His politics is anchored in anti-politics. The UKIP tellers I found myself sitting next to at polling stations yesterday in East Sussex were a mixture of angry ex-Tories, and independent-minded non-combatants, drawn in during the campaign itself. The message is obvious: all of your woes, frustrations and failures are due to someone else. Can’t find work? Blame a Pole. Can’t make a profit? Blame the EU. Can’t say what you like any more about the coloureds and homos? Blame the political class, and their PC gone mad. For a glorious moment yesterday, the UKIP and the Lib Dem teller engaged in a heart-felt discussion about the benefits of homeopathy. If you believe in magic water, you can easily believe withdrawal from the European Union is a good idea.
So why do I say Farage is dissembling? The answer is that UKIP is built on a lie, and the oldest political lie of them all: that ‘we’re not the same as the others’. Marc Antony started it all when he told the Roman mob ‘I am no orator as Brutus is’. That’s Farage’s pitch: I’m no politician, like the others. Yet in everything they do, they are the same as the others. It’s a racist-tinged, anti-foreigner, it’s-all-someone-else’s-fault, simplistic, sloganising diet of nonsense, and it’s highly effective, especially in a recession. It worked for others in the past, and it’s working for UKIP today. UKIP has also squeezed the other fringe parties. UKIP is up 14 points at 26 per cent. Meanwhile, the Greens are down three points at seven per cent and the British National party is down 11 points at four per cent.
It would be comforting to think we are witnessing a historic split in rightwing electoral politics in Britain, of the kind that kept the left out of power for most of the 20th century. Certainly, the politician with the most to worry about last night is David Cameron. UKIP cost the Tories control of Lincolnshire and Gloucestershire, and UKIP can stop him winning in 2015. Alexis McEvoy, one of the many Tory county councillors defeated by UKIP last night, wrote in the Telegraph that:
‘David Cameron says he’ll have a referendum, but no one believes a word he says. I don’t believe a word he says, and I’m a lifelong Conservative.’
She was defeated by a UKIP candidate who didn’t even live in the ward.
Yet UKIP took votes last night, not only from disgruntled Tories, but white working-class voters in hitherto Labour areas. There’s an important lesson there for Labour too. The surge in South Shields should not just worry the Tories. If white working-class voters desert Labour in the heartlands for the UKIP, it will dent Ed Miliband’s chances in 2015. It certainly should kill stone dead any notion of a ‘progressive majority’ just waiting to be led to the New Jerusalem.

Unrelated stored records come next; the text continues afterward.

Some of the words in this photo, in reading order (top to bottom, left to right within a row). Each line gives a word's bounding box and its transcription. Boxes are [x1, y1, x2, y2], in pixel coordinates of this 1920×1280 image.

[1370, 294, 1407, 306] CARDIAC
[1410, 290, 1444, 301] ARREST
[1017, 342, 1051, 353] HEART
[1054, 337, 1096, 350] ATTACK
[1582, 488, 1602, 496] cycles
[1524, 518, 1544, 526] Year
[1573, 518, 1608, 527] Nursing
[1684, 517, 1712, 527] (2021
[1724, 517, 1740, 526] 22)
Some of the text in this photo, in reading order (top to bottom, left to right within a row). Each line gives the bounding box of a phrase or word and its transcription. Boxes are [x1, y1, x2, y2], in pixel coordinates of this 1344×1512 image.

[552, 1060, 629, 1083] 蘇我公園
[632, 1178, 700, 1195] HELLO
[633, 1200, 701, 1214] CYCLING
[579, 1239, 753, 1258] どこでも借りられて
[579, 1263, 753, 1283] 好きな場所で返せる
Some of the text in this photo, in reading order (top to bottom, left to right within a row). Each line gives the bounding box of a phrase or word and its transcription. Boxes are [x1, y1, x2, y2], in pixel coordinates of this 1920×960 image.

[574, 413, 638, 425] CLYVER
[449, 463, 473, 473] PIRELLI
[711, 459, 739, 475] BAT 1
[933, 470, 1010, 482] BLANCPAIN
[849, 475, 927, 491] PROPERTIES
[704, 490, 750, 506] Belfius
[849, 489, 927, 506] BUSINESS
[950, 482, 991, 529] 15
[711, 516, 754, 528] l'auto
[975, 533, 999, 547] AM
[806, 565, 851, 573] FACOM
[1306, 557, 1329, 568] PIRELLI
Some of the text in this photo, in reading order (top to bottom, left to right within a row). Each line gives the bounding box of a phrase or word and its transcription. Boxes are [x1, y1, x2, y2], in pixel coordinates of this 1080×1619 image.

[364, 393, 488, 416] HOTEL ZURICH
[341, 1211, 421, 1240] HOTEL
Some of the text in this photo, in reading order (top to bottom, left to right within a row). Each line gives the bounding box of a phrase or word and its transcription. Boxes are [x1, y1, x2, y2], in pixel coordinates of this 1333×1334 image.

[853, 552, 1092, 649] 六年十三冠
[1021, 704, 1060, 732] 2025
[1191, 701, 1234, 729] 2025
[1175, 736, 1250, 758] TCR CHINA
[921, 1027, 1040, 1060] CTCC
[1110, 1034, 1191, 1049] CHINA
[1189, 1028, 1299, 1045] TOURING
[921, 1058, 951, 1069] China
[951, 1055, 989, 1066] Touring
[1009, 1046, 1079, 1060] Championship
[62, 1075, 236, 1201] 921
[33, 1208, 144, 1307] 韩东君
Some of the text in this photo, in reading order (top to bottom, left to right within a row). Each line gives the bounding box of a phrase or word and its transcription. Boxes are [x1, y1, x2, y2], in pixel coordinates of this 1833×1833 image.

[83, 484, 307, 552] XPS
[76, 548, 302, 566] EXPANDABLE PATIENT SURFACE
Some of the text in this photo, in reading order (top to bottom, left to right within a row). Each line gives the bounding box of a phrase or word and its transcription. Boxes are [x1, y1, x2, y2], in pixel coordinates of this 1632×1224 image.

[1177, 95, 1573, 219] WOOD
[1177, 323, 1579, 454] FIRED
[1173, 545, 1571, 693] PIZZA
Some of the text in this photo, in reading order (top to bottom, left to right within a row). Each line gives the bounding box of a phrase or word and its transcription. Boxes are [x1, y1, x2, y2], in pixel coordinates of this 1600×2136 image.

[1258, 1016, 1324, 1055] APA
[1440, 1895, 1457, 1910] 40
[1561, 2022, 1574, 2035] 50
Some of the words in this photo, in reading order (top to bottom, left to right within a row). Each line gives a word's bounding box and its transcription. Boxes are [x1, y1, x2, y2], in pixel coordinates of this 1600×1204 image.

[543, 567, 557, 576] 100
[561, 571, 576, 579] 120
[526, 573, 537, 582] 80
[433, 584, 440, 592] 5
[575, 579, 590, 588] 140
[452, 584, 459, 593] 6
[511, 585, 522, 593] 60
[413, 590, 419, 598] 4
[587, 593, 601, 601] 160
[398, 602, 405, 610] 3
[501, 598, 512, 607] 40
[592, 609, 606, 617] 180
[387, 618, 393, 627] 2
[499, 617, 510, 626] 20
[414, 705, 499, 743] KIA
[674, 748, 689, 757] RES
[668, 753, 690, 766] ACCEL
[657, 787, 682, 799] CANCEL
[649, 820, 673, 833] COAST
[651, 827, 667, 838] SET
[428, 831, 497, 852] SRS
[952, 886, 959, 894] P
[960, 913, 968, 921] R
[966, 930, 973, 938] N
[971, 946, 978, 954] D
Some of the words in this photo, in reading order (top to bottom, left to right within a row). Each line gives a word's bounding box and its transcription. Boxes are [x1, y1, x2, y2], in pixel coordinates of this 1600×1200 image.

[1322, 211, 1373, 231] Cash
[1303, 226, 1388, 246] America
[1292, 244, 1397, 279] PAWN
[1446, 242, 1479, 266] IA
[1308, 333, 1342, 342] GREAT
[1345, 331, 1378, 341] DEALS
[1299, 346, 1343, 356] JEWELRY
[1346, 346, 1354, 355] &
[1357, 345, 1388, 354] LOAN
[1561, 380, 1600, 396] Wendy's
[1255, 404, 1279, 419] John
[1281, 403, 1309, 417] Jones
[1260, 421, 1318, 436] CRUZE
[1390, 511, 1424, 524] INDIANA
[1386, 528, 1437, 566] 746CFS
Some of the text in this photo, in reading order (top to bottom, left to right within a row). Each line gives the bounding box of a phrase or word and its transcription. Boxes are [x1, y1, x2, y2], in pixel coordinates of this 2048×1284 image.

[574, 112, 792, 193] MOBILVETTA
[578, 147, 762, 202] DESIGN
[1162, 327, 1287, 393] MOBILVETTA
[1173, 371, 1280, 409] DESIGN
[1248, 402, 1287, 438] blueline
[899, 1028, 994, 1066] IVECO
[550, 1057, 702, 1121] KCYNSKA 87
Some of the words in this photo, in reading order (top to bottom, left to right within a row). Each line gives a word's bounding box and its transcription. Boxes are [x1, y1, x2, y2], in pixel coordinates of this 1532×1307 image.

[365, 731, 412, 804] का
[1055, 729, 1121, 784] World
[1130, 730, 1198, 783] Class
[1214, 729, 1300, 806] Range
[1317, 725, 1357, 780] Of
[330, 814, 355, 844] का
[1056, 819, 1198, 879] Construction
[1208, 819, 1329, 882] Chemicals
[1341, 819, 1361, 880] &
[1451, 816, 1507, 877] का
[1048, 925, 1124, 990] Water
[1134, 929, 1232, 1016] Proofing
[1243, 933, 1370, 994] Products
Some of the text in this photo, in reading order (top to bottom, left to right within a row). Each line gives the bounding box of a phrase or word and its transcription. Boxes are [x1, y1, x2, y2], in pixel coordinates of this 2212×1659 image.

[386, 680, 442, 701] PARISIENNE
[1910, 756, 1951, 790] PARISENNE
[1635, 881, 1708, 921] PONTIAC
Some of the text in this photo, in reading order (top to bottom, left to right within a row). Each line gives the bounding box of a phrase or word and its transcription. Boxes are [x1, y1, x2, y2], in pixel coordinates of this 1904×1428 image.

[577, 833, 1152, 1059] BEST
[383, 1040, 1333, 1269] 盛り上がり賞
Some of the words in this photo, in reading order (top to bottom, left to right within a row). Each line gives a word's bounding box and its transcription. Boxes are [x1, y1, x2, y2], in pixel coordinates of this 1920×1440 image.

Labour should take comfort, if not great joy, from last night’s results. The county elections were conducted across areas, especially in the south, where Labour has never run county councils, even at the height of the Blair triumphs in the 1990s. Eighty per cent of the people voting yesterday live in areas with a Conservative member of parliament. It was satisfying to see Labour do so well in Hastings, where Labour must win the parliamentary seat, and in places such as Dorset where Labour could regain Dorset South in 2015. In the Midlands and the north, Labour is regaining its position on councils after the truly terrible results in 2009, when the country turned its back on Gordon Brown with such unified decisiveness. These are satisfactory results for Labour. They do not represent any great strategic breakthrough, but given the kinds of seats being contested they were never going to.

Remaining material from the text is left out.